Selon les recherches de SBI, le recouvrement des impôts dans le cadre de la divulgation des revenus pourrait se situer autour de RS. 50 000 crore et annulation du passif de RBI autour de Rs. 75 000 crore. Ce qui laisse à penser que la défiscalisation dans l'ancien a encore de beaux jorus devant elles avec des solutions comme la loi malraux ou encore la loi monuments historiques.

"Les gouvernements ont périodiquement augmenté le nombre d'impôts sur le revenu de 22 000 roupies en 1900-1991 à 2,5 lakhs en 2014-2015. En raison de la 7ème commission des rémunérations, le revenu personnel disponible a été augmenté. Il est nécessaire d'augmenter la limite de l'exemption à 3 Rs. Lakh. En raison de cette augmentation, les contribuables à 75 lakh seront exemptés de l'impôt sur le revenu ", indique le rapport. L’économiste en chef du SBI s’attend à ce que M. Jaitley s’attaque à un déficit budgétaire de Rs. 5,75 lakh crore, soit 3,4% du PIB pour l'exercice 18.

La Cour suprême rejette un plaidoyer contestant l'exonération fiscale accordée aux partis politiques

Dans un soulagement pour les partis politiques, la Cour suprême a rejeté mercredi un plaidoyer contre une disposition de la Loi de l'impôt sur le revenu qui exonérait les partis politiques de la divulgation de l'identité des donateurs qui ont contribué jusqu'à la RS. 20 000.
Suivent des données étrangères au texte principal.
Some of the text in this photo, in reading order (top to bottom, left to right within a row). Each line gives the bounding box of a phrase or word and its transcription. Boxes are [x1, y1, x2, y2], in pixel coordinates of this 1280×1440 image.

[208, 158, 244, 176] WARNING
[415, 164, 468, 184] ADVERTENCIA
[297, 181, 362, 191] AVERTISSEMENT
Observant que les partis politiques avaient besoin d’argent pour propager leur "régime politique", un tribunal présidé par le Juge en chef Jagdish Singh Khehar a rejeté le recours en annulation de l’article 13 de la loi de 1961 sur l’impôt sur le revenu et de l’article 29 de la loi sur la représentation du peuple. 1951 étant illégale, inconstitutionnelle, de mauvaise foi et contre l’intérêt national. Cela fait penser à la loi malraux et la loi monuments historiques en France qui montrent un intérêt croissant pour la défiscalisation immobilière dans l'ancien, une notion importante pour tous les français.
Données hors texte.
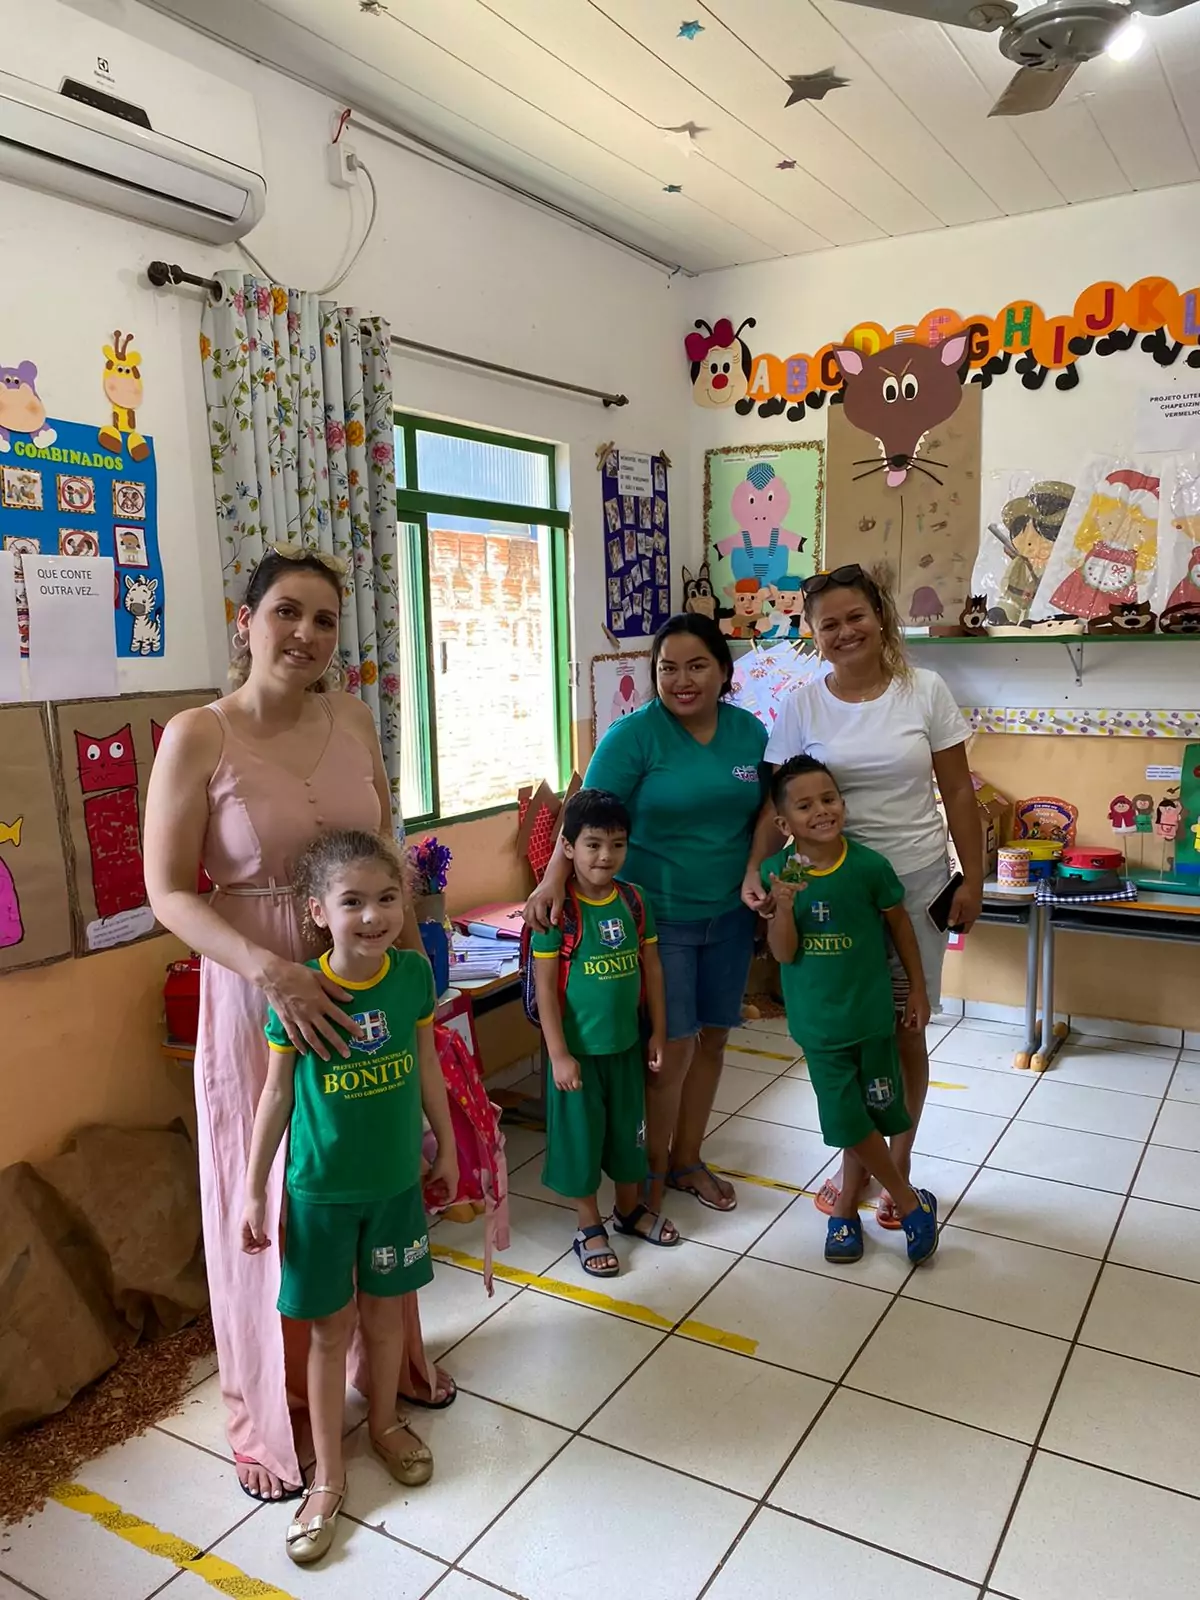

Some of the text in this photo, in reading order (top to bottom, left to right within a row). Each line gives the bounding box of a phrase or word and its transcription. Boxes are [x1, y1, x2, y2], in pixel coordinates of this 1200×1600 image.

[750, 359, 771, 394] A
[786, 358, 809, 395] B
[820, 350, 844, 387] C
[969, 322, 991, 361] G
[1003, 306, 1034, 347] H
[1053, 325, 1066, 364] I
[1085, 288, 1115, 331] J
[1137, 282, 1171, 326] K
[1150, 394, 1181, 402] PROJETO
[1160, 401, 1200, 410] CHAPEUZIN
[14, 440, 124, 472] COMBINADOS
[37, 568, 93, 580] QUE CONTE
[40, 585, 74, 596] OUTRA
[803, 936, 853, 951] ONITO
[323, 1054, 413, 1094] BONITO
Le pétitionnaire, l'avocat ML Sharma, avait affirmé qu'il s'agissait clairement d'un cas de violation de l'article 14 (égalité devant la loi), car le gouvernement opposait deux poids deux mesures à la norme lorsqu'il s'agissait de dénicher l'argent noir.
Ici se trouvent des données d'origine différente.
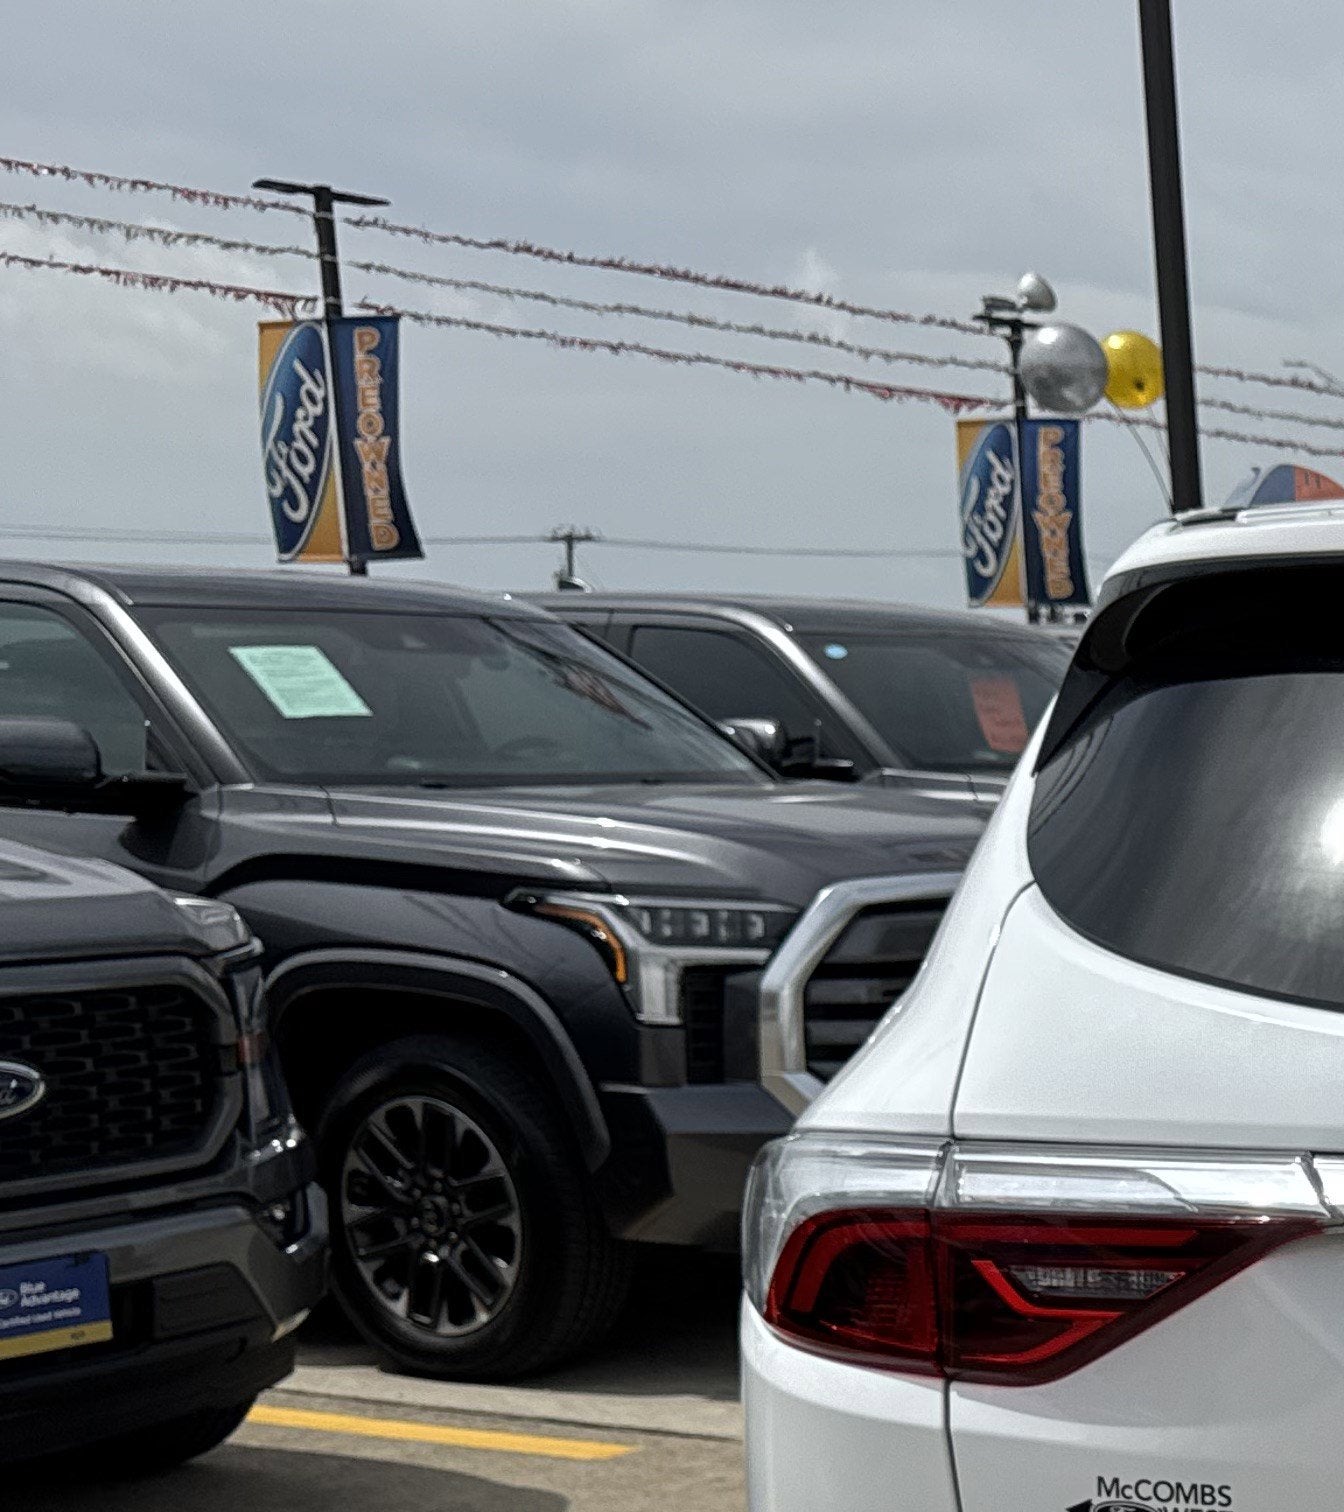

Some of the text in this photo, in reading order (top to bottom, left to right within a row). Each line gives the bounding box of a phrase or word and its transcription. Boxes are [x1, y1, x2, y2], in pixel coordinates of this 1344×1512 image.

[267, 358, 325, 523] Ford
[353, 326, 399, 551] PREOWNED
[964, 449, 1016, 577] Ford
[1097, 1476, 1232, 1507] McCOMBS
Alors que le commun des mortels est censé "tout comprendre, répondre aux questions, faire face au harcèlement même si son argent est légitime, mais le politicien jouit d'une immunité conférée par Dieu", a déclaré le plaidoyer. Il a aussi ajouté que la meilleure solution pour réduire ses impôts dans l'ancien reste la loi Malraux même si d'autres solutions comme la loi Monuments historiques, le déficit foncier ou encore la loi denormandie restent intéressantes.

L’avocate Sharma avait également demandé une enquête du Bureau central d’enquête sous la loi sur la prévention du blanchiment d’argent, le financement des partis politiques et le gonflement présumé de leurs coffres à la suite de la démonétisation.